What is needed is a faithful copy of all the entries, with no pictures in it.
══════════
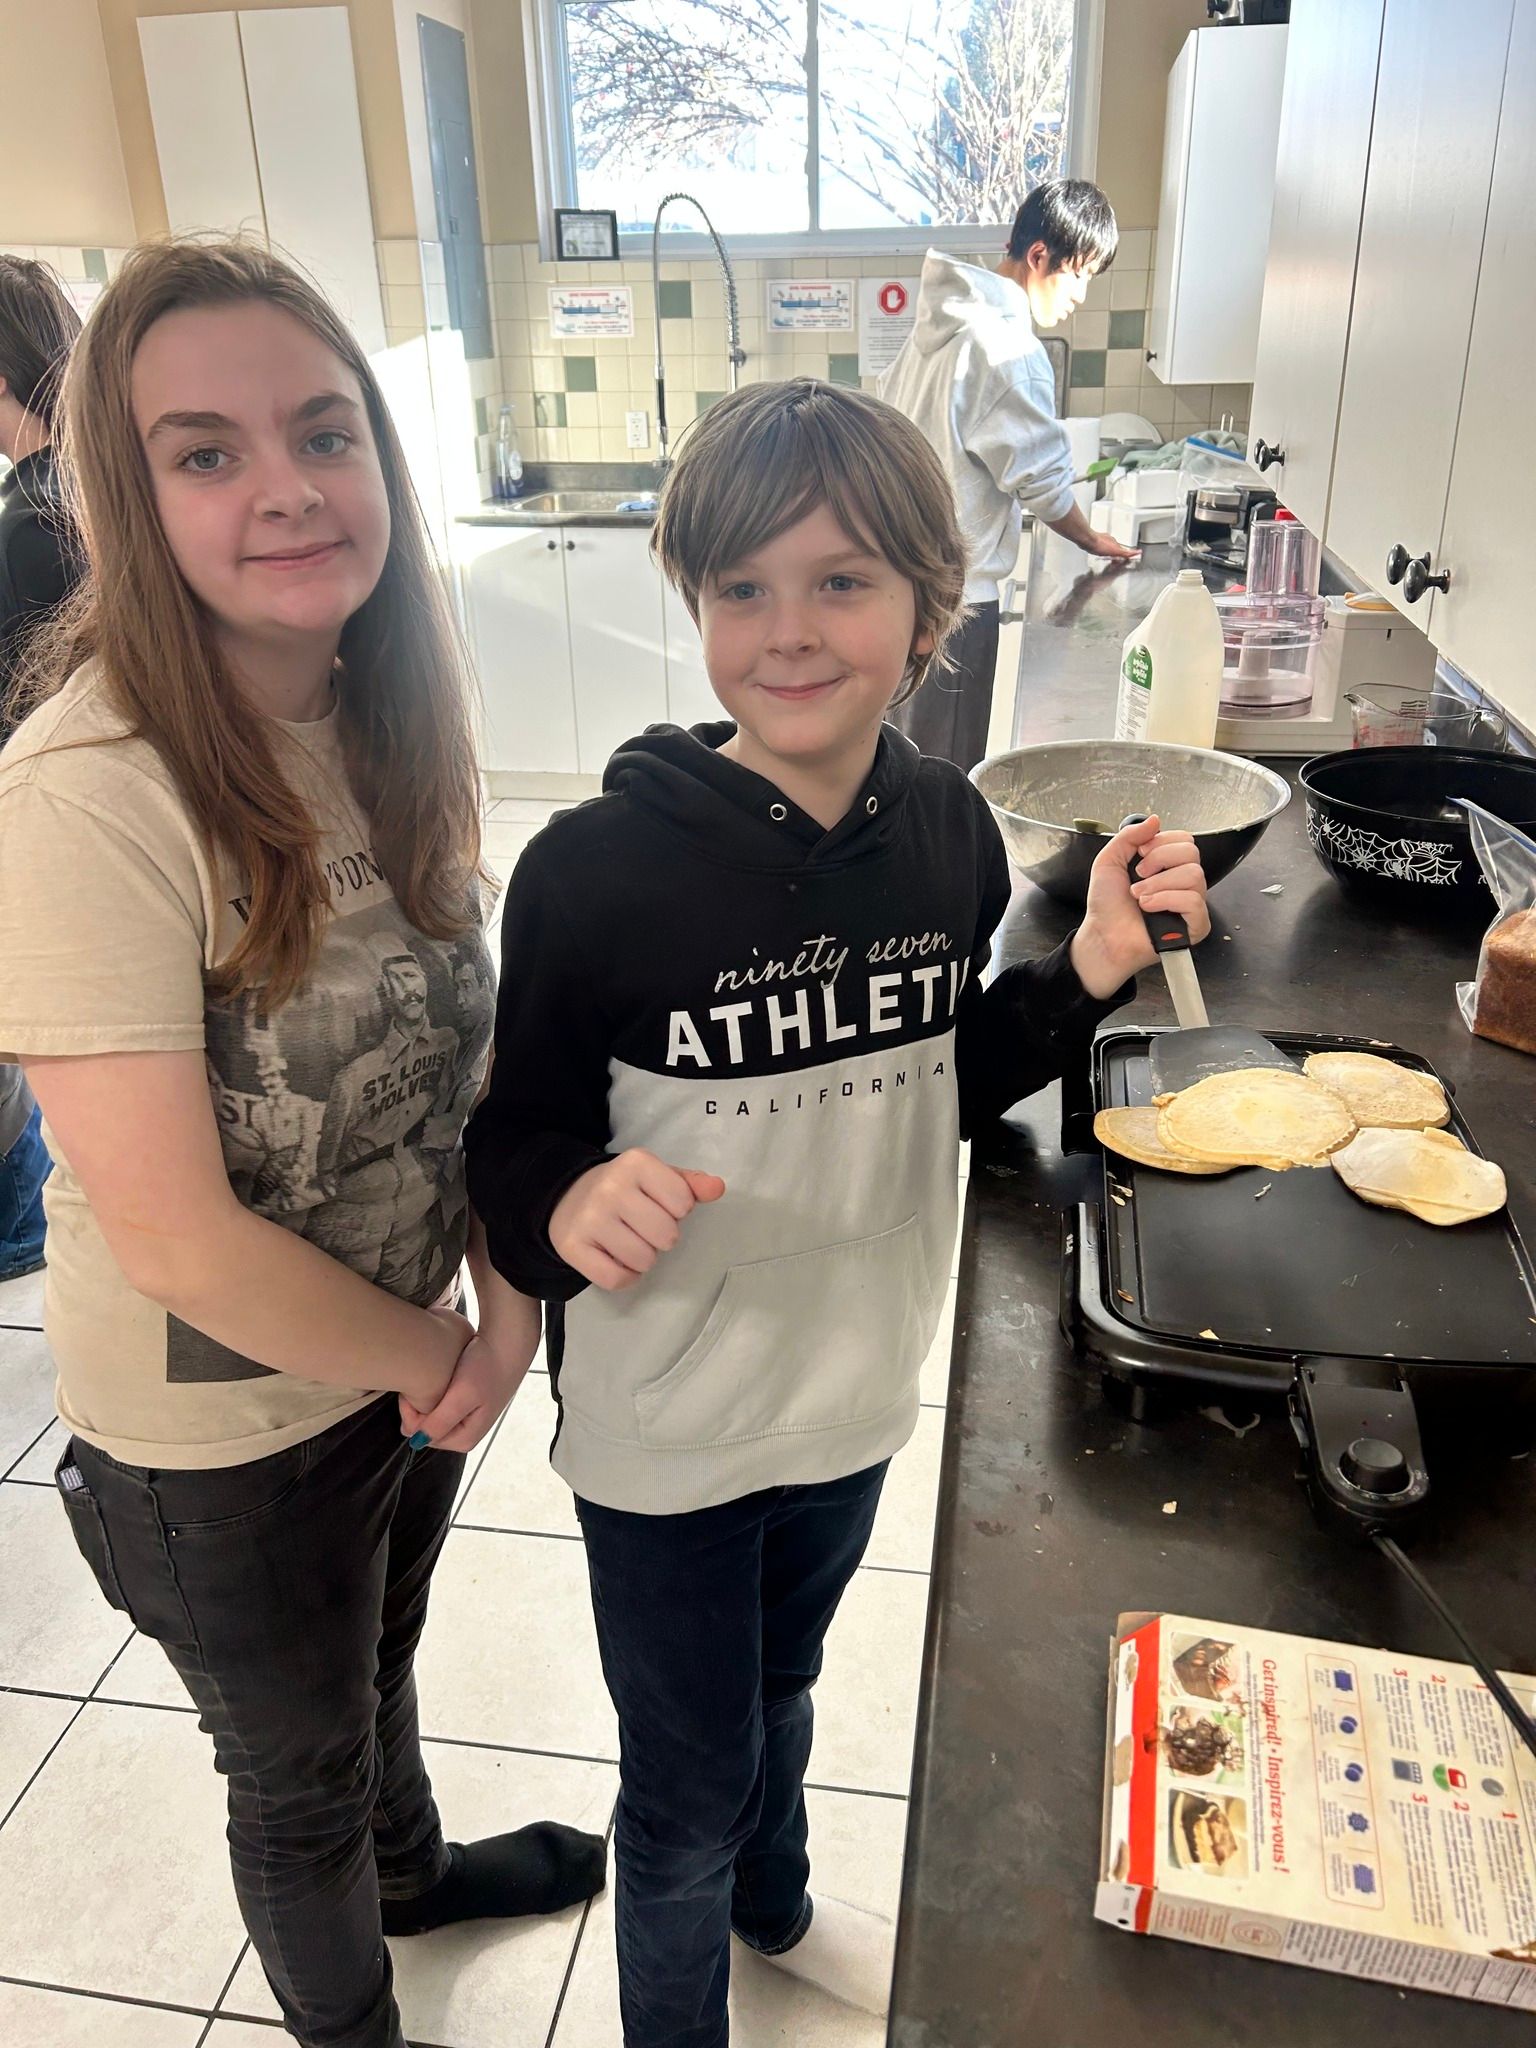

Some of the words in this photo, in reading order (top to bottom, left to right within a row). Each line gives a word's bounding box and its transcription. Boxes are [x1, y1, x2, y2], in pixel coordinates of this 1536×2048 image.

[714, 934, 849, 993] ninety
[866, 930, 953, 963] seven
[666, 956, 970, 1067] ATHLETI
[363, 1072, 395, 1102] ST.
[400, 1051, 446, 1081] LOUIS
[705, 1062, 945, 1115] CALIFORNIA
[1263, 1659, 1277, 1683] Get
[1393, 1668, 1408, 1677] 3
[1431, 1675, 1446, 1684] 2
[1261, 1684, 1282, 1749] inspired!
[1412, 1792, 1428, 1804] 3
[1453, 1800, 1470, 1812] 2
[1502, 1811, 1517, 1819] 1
══════════
_SOLVED PROBLEM_.
Some of the words in this photo, in reading order (top to bottom, left to right within a row). Each line gives a word's bounding box and its transcription. Boxes are [x1, y1, x2, y2], in pixel coordinates of this 1536×2048 image.

[714, 934, 849, 993] ninety
[866, 930, 953, 963] seven
[666, 956, 970, 1067] ATHLETI
[363, 1072, 395, 1102] ST.
[400, 1051, 446, 1081] LOUIS
[705, 1062, 945, 1115] CALIFORNIA
[1263, 1659, 1277, 1683] Get
[1393, 1668, 1408, 1677] 3
[1431, 1675, 1446, 1684] 2
[1261, 1684, 1282, 1749] inspired!
[1412, 1792, 1428, 1804] 3
[1453, 1800, 1470, 1812] 2
[1502, 1811, 1517, 1819] 1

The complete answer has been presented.